だってお腹だし、水着のときも見せてたし、いいかなぁ、と思ったんだけど。
それに、
「暁さん、いやらしい感じしなかったから」
「……そっか」
少し目を見張ったあと、ニコリと笑って暁さんは傷を見る。
うーん……でもいくらいやらしさがないって言っても、これだけ熱心に見られると恥ずかしいかも。
「4針、ね……」
これは傷痕も残るか、と小さく呟いて太陽を鋭い目で見る。
「満月ちゃんを連れ去った奴等は?」
だから暁さん。連れ去られたわけじゃないんですよ。
なんて軽く言える雰囲気ではなかった。
「潰した。

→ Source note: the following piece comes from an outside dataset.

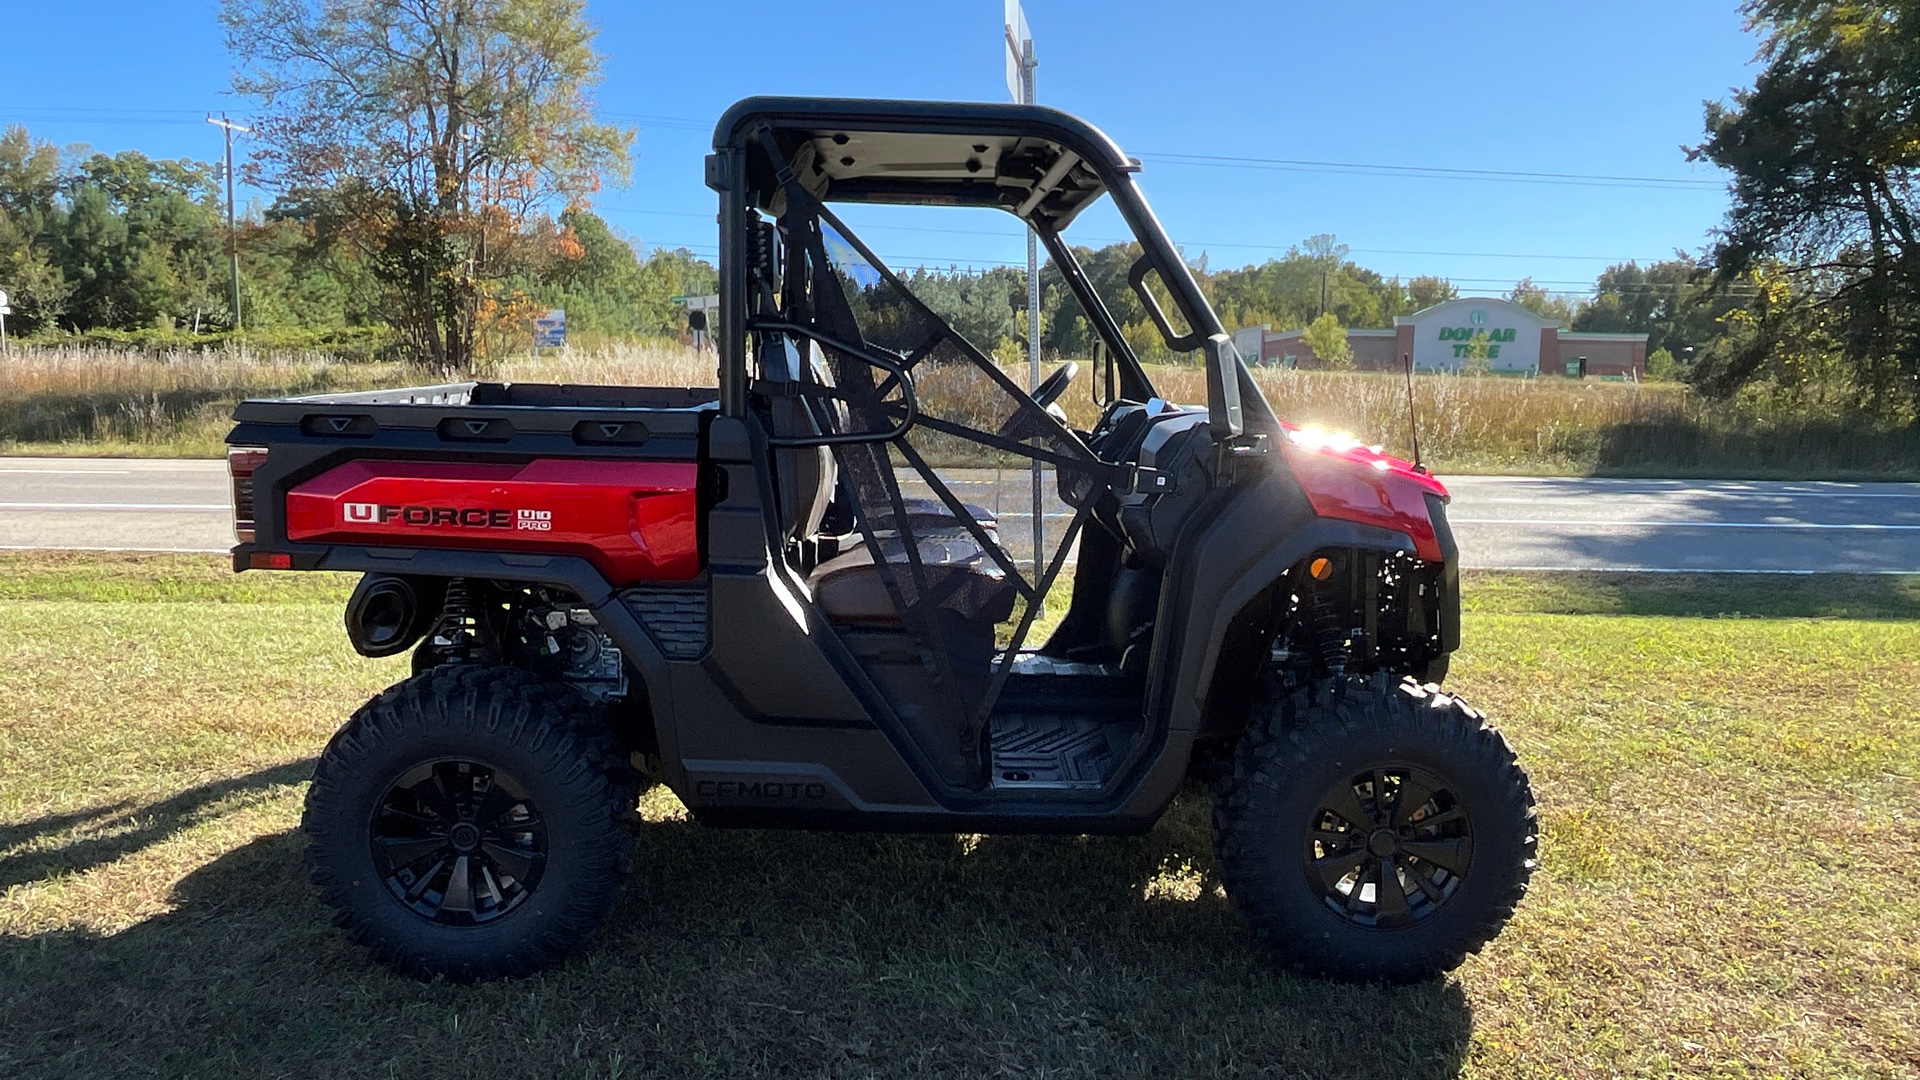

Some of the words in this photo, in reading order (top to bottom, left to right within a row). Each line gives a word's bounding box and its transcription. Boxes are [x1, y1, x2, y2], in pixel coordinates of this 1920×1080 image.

でも、あいつらの裏には白猫がいたらしい。そいつはまだ……」
「ちゃんとケジメはつけろよ」
「あぁ」
白猫?
あ、サチのことかな。そういえば白猫の名前で暴れてたんだっけ。
うーん……この誤解はどう解決させよう。
と言っても、多分もう会うこともないし、大丈夫だとは思うんだけどな。
「よし、じゃあオレはここらへんで」
ニコ、と最初に会ったときと同じ明るい雰囲気に戻った暁さんはそのままリビングを出て行ってしまった。